Monday, August 14, 2017

A Brief History of the UUID

Rick Branson (via Hacker News):

[Apollo’s] NCS introduced the concept of the UID (Universal IDentifier), which served as the unique primary identity for entities. UIDs are 64-bit numbers that combine a monotonic clock with a unique host ID permanently embedded in the hardware of all of their workstations. Under this scheme, identifiers could be generated thousands of times per second at each host and remain globally unique for all time with no scaling bottleneck. The only point of coordination was at Apollo’s factories — where the machines were permanently branded with their respective identifiers.

[…]

NCA introduced UUIDs, which built on the UID design, but accommodated a broader range of vendors by extending the number space to 128-bits. Thus the UUID was born. This concept was so useful that even after NCA became a distant memory and RPC fell out of fashion, the UUID remained popular, eventually being standardized by ISO, IETF, and ITU.

[…]

As the untrustworthy Internet became the dominant networking platform, UUID generation which depended on trust became obsolete. All of these concerns have lead most to abandon leveraging hardware identifiers in UUIDs.

tytso:

Later on Paul went on to Microsoft, and I’m fairly certain that it was due to Paul that Microsoft adopted the OSF DCE RPC layer for its internal use, and UUID’s started being used extensively inside Microsoft. UUID’s also got used in Intel’s EFI specification for the GPT partition table, although somewhere along the way they got renamed “Globally Unique ID’s” --- it’s the same spec, though.

[…]

As far as uuidd is concerned, the reason why it exists is because a certain very large Enterprise Resource Planning system was using libuuid to generate uuid’s for its objects, and it needed to create them very, very quickly so they can initalize the customer’s ERP database in finite time. They were also using the time-based UUID’s, with the UUID stored in the database with the bytes cleverly rearranged so the time bits would be stored in the LSB, and the Ethernet MAC address would be in the MSB, so that a database using a B-tree (plus prefix key compression) for its indexing would be able to very efficiently index the UUID’s. This is similar to k-ordering trick that Flake was using, but this very large enterprise planning company was doing in 2007, five years before team at Boundary came up with Flake, and they were doing it using standard UUID’s, but simply storing the Time-based UUID bytes in a different order. (I believe they were also simply storing the ID in binary form, instead of base-62 encoding, since if you’re going to have jillions of objects in your ERP database, you want them to be as efficient as possible.)
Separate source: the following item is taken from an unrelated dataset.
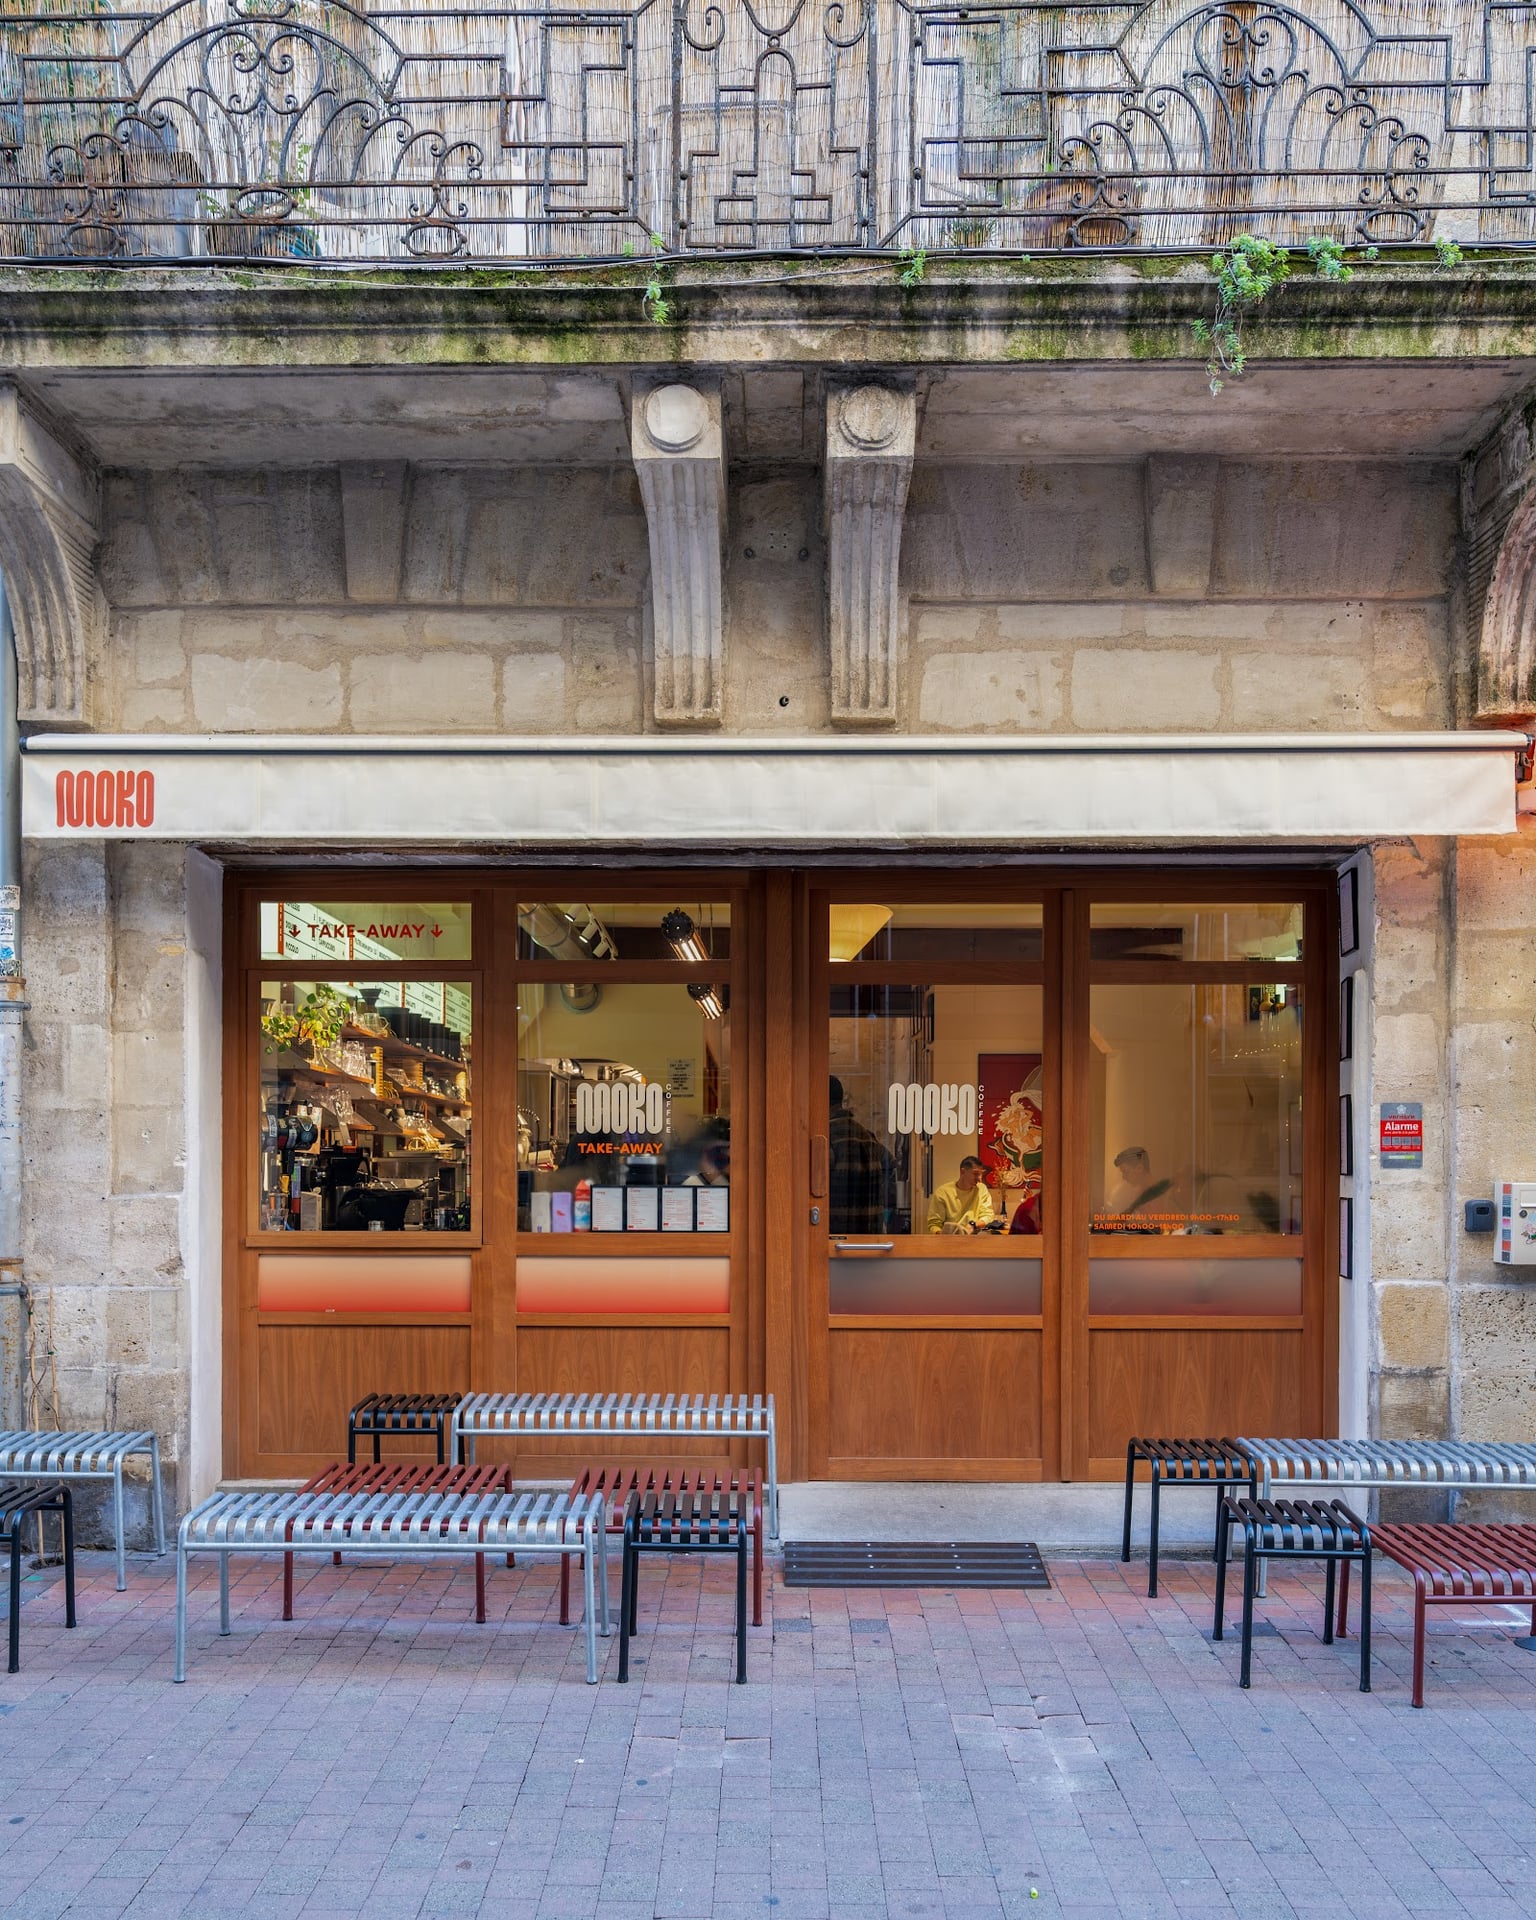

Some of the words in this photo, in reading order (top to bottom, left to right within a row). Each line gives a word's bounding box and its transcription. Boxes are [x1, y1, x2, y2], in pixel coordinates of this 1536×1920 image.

Anyway, a certain Linux distribution company contacted me on behalf of this very large Enterprise Resource Planning company, and we came up with a scheme where the uuidd daemon could issue blocks of time-based UUID’s to clients, so we could amortize the UUID generation over blocks of 50 or 100 UUID’s at a time. (This ERP was generating a huge number of UUID’s.) I did it as a freebie, because I was tickled pick that libuuid was such a critical part of a large ERP system, and it wasn’t that hard to implement the uuidd extension to libuuid.